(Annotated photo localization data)
■ ■ ■

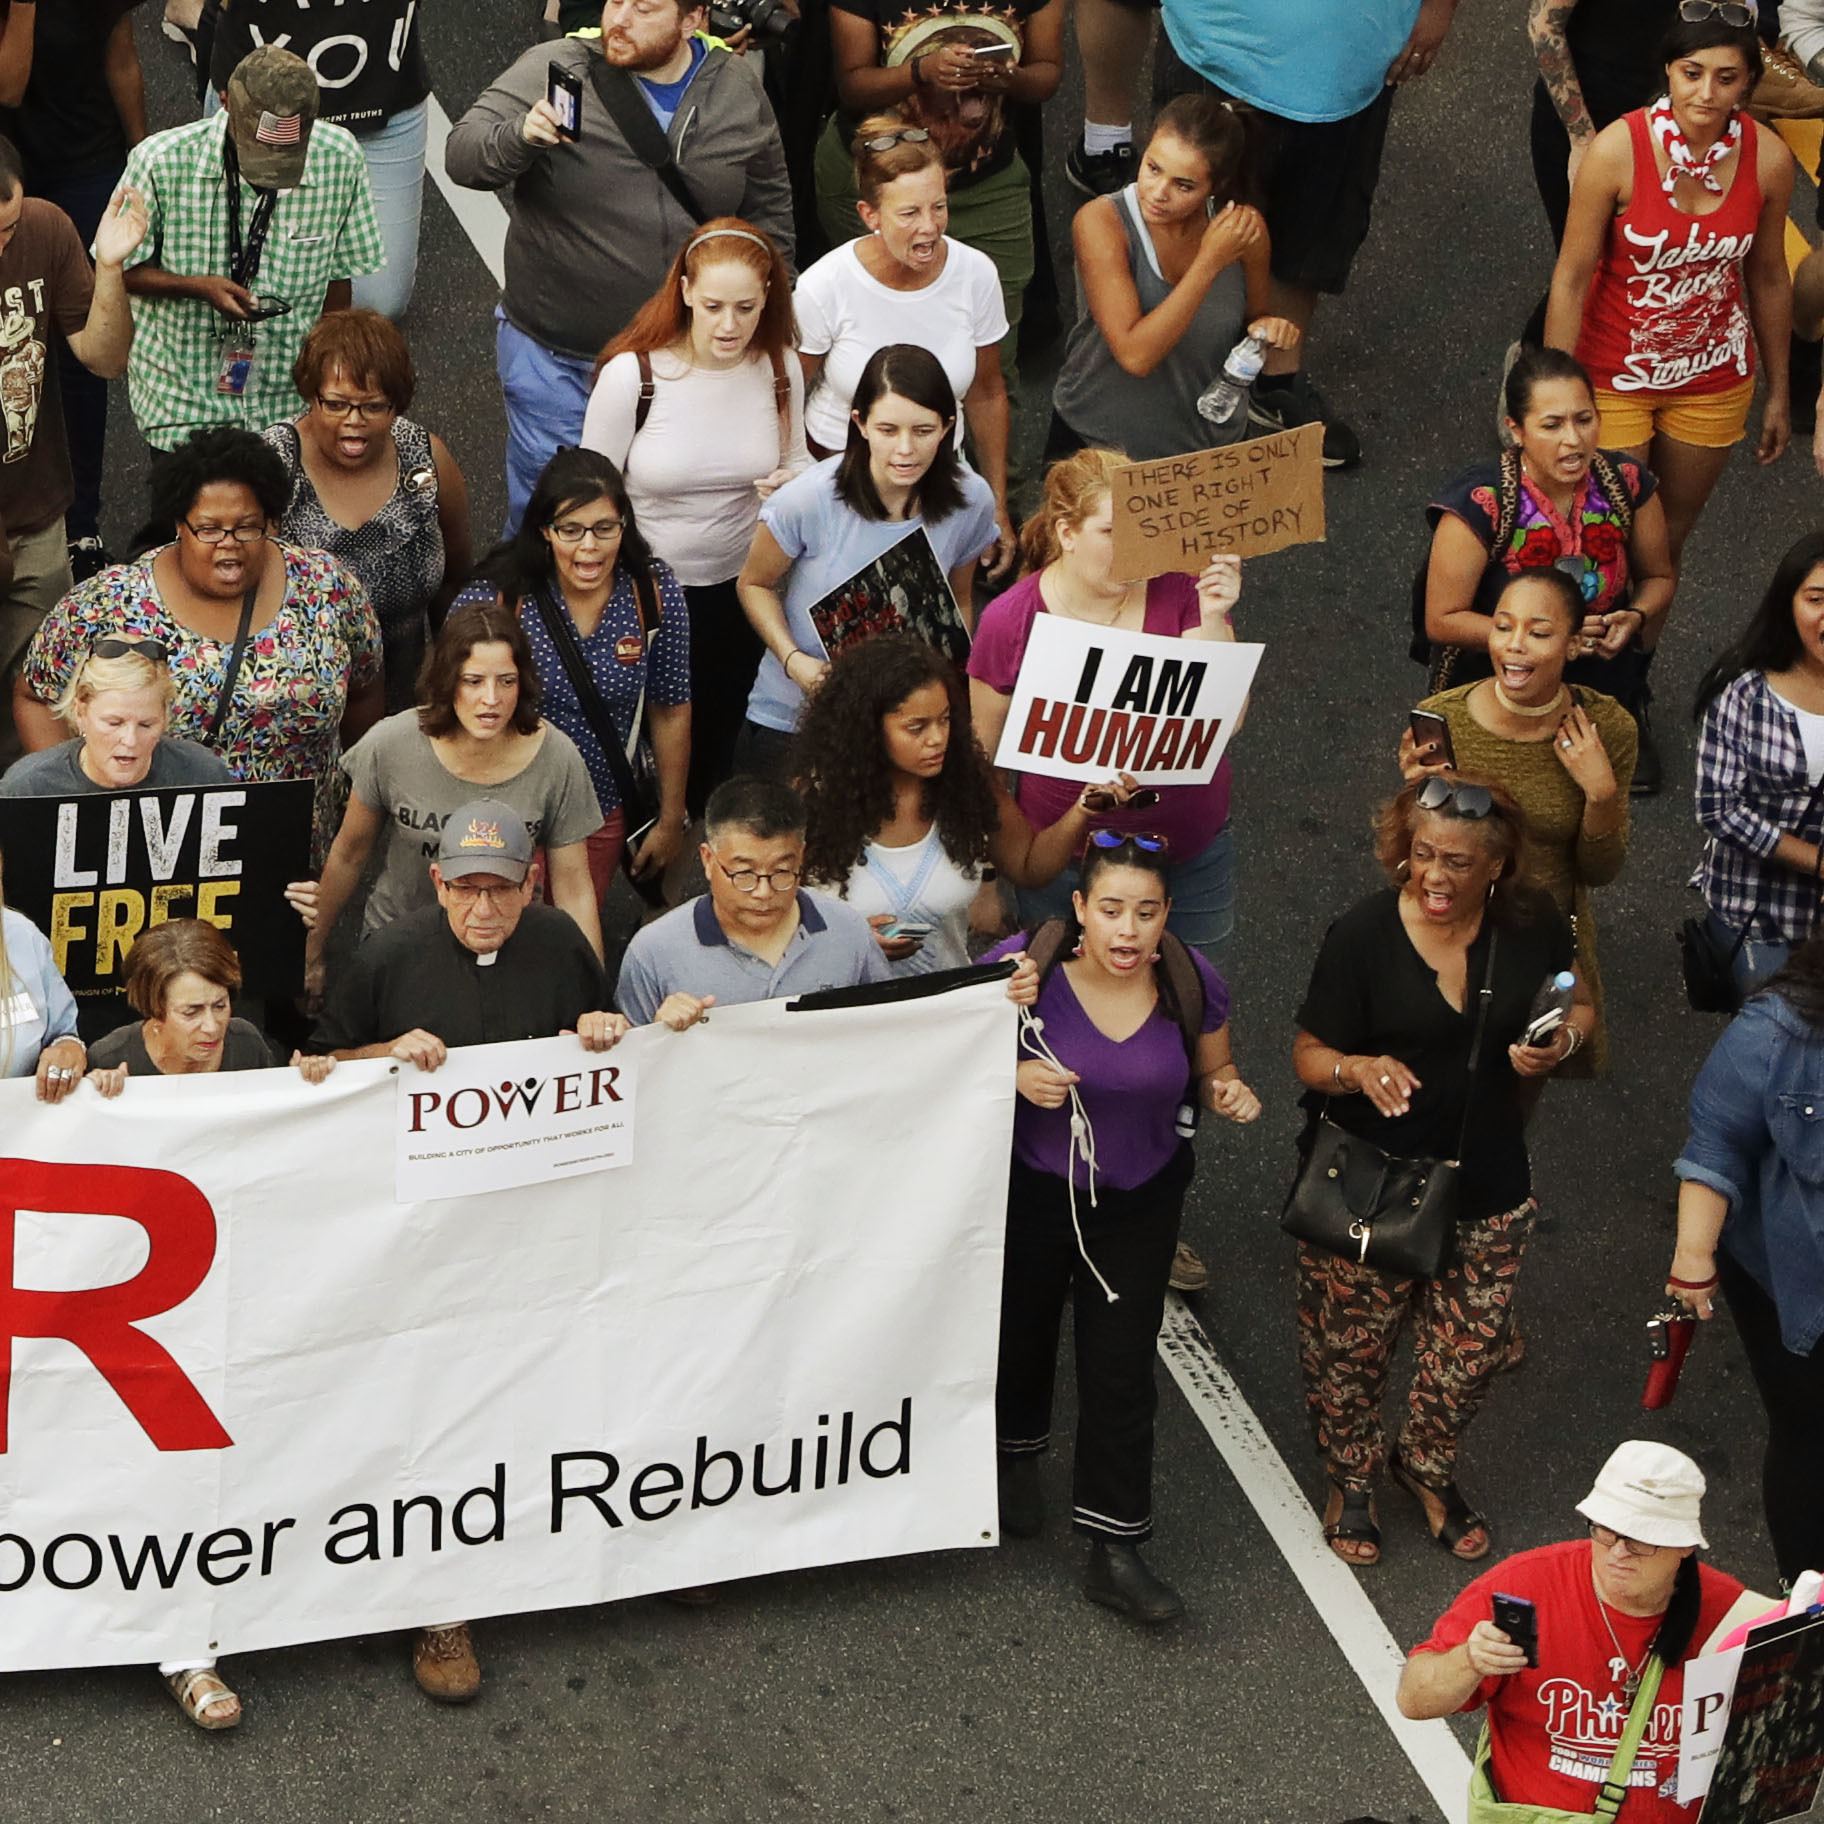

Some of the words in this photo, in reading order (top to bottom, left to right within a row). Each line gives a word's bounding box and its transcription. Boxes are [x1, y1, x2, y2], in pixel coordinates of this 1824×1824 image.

[1622, 221, 1752, 275] Taking
[1121, 457, 1202, 488] THERE
[1213, 449, 1241, 471] IS
[1245, 432, 1305, 466] ONLY
[1125, 487, 1179, 516] ONE
[1192, 464, 1275, 504] RIGHT
[1139, 508, 1211, 539] SIDE
[1221, 496, 1252, 521] OF
[1181, 502, 1306, 557] HISTORY
[1073, 646, 1105, 706] I
[1109, 652, 1209, 719] AM
[1016, 695, 1224, 774] HUMAN
[52, 788, 248, 890] LIVE
[51, 881, 242, 978] FREE
[406, 1066, 625, 1137] POWER
[408, 1149, 446, 1163] BUILDING
[456, 1147, 474, 1159] CITY
[488, 1137, 542, 1155] OPPORTUNITY
[564, 1127, 594, 1142] WORKS
[324, 1463, 507, 1567] and
[550, 1397, 915, 1536] Rebuild
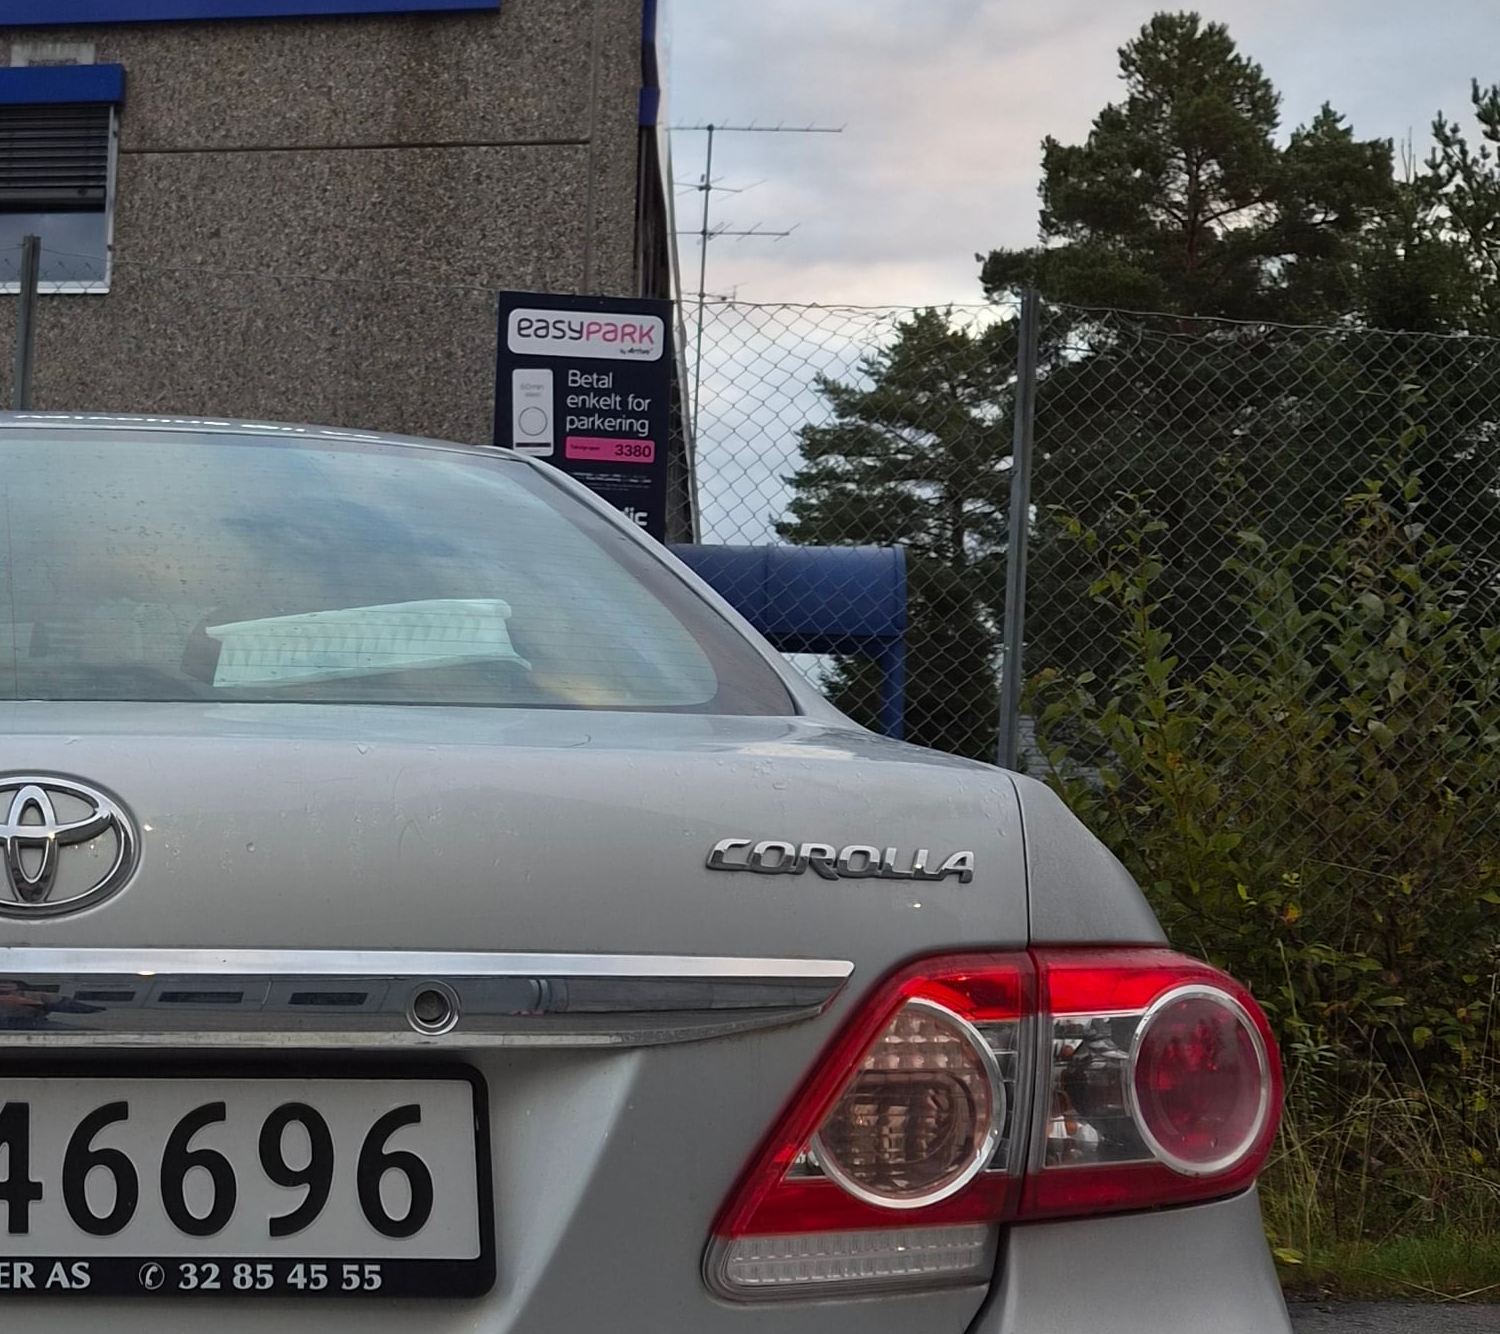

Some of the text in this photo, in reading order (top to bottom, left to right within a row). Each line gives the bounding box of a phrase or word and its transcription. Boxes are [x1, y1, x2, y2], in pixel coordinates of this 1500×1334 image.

[568, 369, 613, 388] Betal
[566, 391, 652, 411] enkelt for
[566, 413, 649, 437] parkering
[614, 444, 652, 458] 3380
[705, 838, 975, 883] COROLLA
[44, 1261, 91, 1289] AS
[177, 1263, 382, 1290] 32 85 45 55

■ ■ ■

Restate the data above word for word. Skip every picture.

Some of the words in this photo, in reading order (top to bottom, left to right within a row). Each line gives a word's bounding box and its transcription. Boxes are [x1, y1, x2, y2], in pixel coordinates of this 1824×1824 image.

[1622, 221, 1752, 275] Taking
[1121, 457, 1202, 488] THERE
[1213, 449, 1241, 471] IS
[1245, 432, 1305, 466] ONLY
[1125, 487, 1179, 516] ONE
[1192, 464, 1275, 504] RIGHT
[1139, 508, 1211, 539] SIDE
[1221, 496, 1252, 521] OF
[1181, 502, 1306, 557] HISTORY
[1073, 646, 1105, 706] I
[1109, 652, 1209, 719] AM
[1016, 695, 1224, 774] HUMAN
[52, 788, 248, 890] LIVE
[51, 881, 242, 978] FREE
[406, 1066, 625, 1137] POWER
[408, 1149, 446, 1163] BUILDING
[456, 1147, 474, 1159] CITY
[488, 1137, 542, 1155] OPPORTUNITY
[564, 1127, 594, 1142] WORKS
[324, 1463, 507, 1567] and
[550, 1397, 915, 1536] Rebuild

Some of the text in this photo, in reading order (top to bottom, left to right within a row). Each line gives the bounding box of a phrase or word and its transcription. Boxes are [x1, y1, x2, y2], in pixel coordinates of this 1500×1334 image.

[568, 369, 613, 388] Betal
[566, 391, 652, 411] enkelt for
[566, 413, 649, 437] parkering
[614, 444, 652, 458] 3380
[705, 838, 975, 883] COROLLA
[44, 1261, 91, 1289] AS
[177, 1263, 382, 1290] 32 85 45 55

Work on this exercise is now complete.